Another factor influencing the price of gold is physical demand. China is the worlds’ largest gold producer. Recently, the Chinese Ministry of Industry and Information Technology said that they expect China’s gold production for last year to be above 340 tons. Actual output for the first 11 months of the year, according to official figures, was 308.39 tons, up 9.2% on the same period in 2009. In 2009, China’s gold output was 319. 98 tons. This is now the 6th successive year in which the country has raised its gold output.
China also imported 209.7 tons of gold in the first 10 months of 2010 – up a massive 500% on the previous year’s imports over the same period. The demand for gold last year in China is set to reach approximately 600 tons or more – equivalent to around a quarter of global mine production. This makes China a major player in the global market place.
It also seems inevitable, that China will surpass India as the world’s biggest importer of gold. But, in the meantime demand for gold from India is likely to reach a record last year driven by investment demand, according to the World Gold Council.
Purchases were about 800 metric tons, compared with 557 tons in 2009, Ajay Mitra, managing director for India and the Middle East at the producer-funded group, said today in a phone interview from Dubai. Imports at that level “would be the highest for India in its history,” he said. The group hasn’t released final data for last year. Purchases in 2010 may exceed 750 tons, Mitra said Nov. 17. The Bombay Bullion Association said Jan. 3 imports probably totaled 700 tons in 2010. “Our assessment is demand will continue to be strong,” he said. “Price is no longer a factor.”
Investment demand for gold in India grew faster than the 62 percent gain in jewelry demand in the same period, according to the WGC. “It’s been demand driven with investment in mind,” Mitra said. “While jewelry is a form in which a lot of consumers do buy in India, the core proposition really is security for the future, which is the investment angle for buying into gold.”

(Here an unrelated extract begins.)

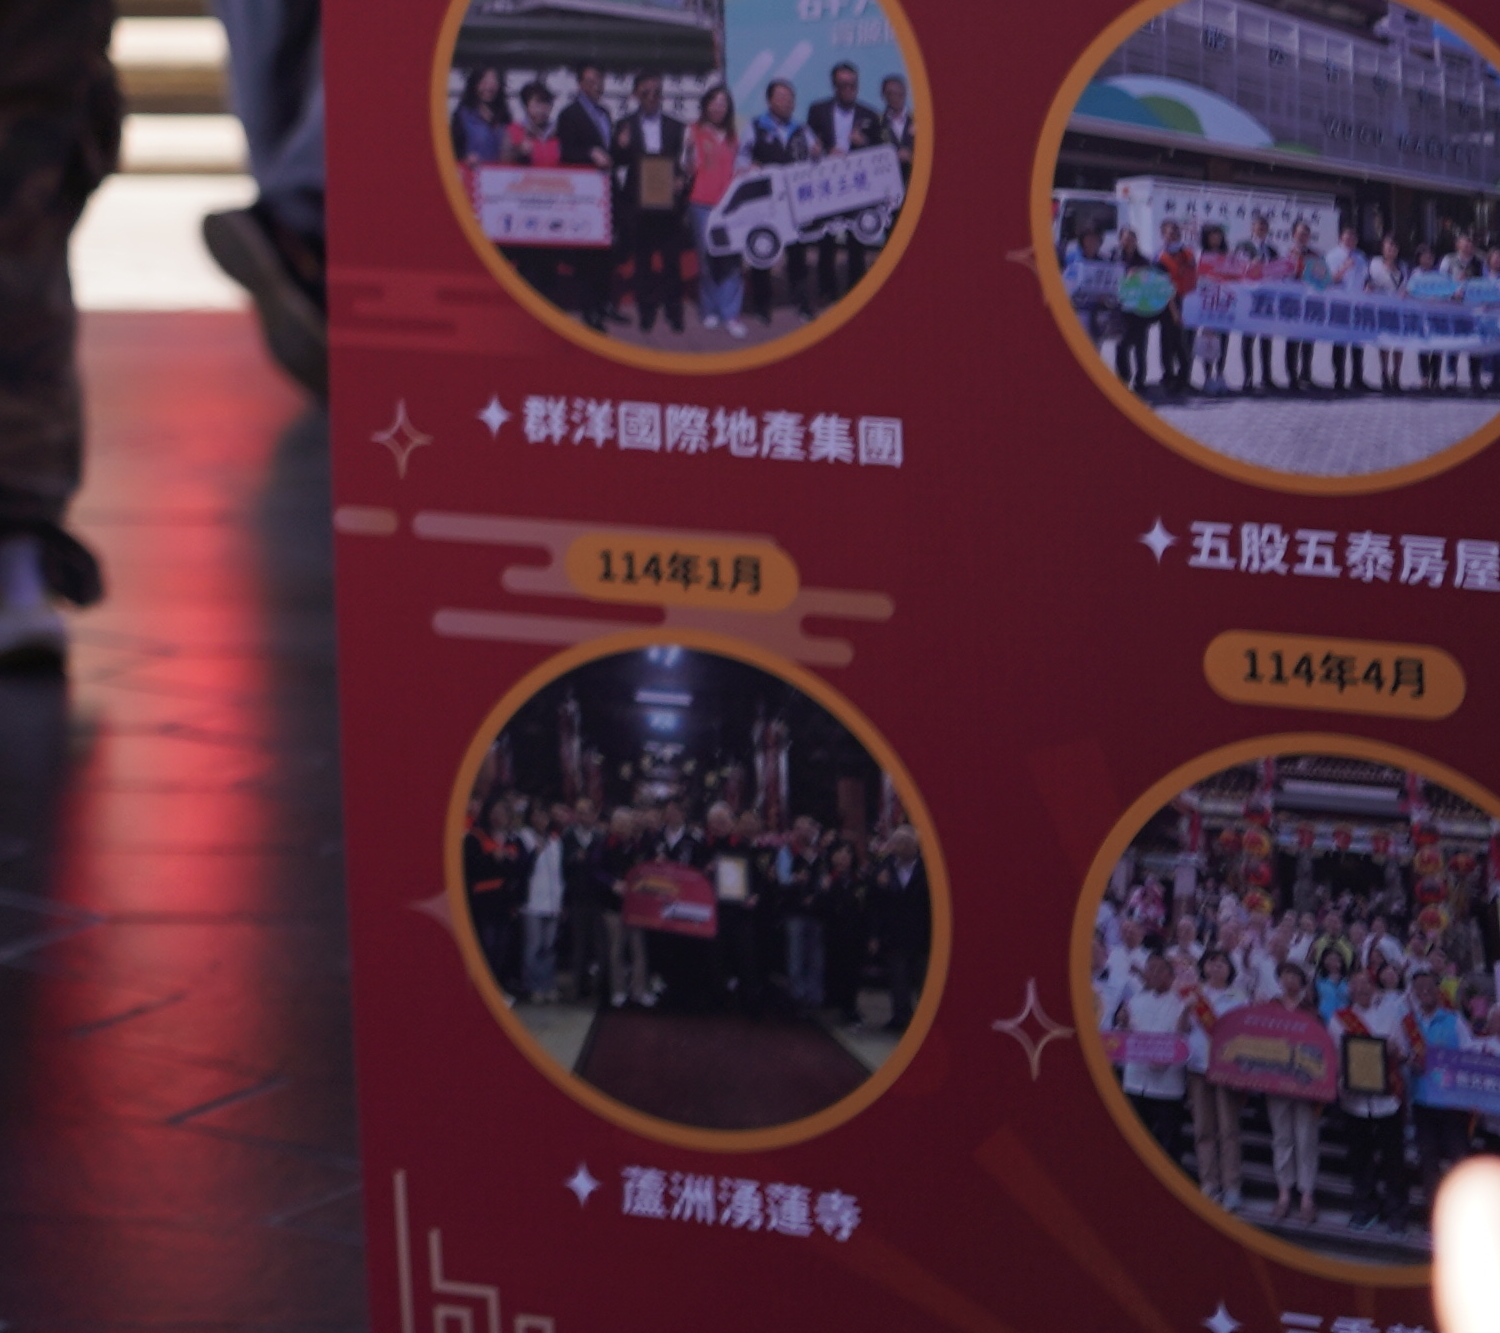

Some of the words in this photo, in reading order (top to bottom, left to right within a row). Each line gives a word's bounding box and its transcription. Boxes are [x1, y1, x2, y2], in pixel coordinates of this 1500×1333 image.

And, of course central bank buying has an influence on the gold market. It is important to note that central banks have now become net buyers of gold instead of net sellers. During 2010 the central bank of Russia purchased between 500,000 to 700,000 ounces of gold each month bringing the total of gold now held in reserves to around 750 tons. And, no doubt we will see this action continue throughout 2011. And, it is believed that China intends to increase its gold holdings from the current level of around 1054 tons. Even if they doubled this amount, the percent of their reserves held in gold holdings would still be a fraction of their total reserves, now estimated at around 2.85 trillion, and still below the percentage levels currently held by most Western central banks.
While there are other factors such as high inflation and geopolitical instability, with the high levels of debt in the US as well as the Eurozone combined with very robust demand for physical gold from China and India, there is no doubt in my mind that the price of gold is headed higher, and what we are experiencing at the moment will turn out to be another correction in this huge bull market.
TECHNICAL ANALYSIS
Gold prices have been under some pressure since the beginning of this year and are currently trading around $1360 an ounce which also represents a Fibonacci retracement of 23.6% (F1). A breach of the 50 day MA could indicate a short-term move to the downside to the support of $1325 (S1) which also coincides with a Fibonacci retracement level of 38.2% (F2).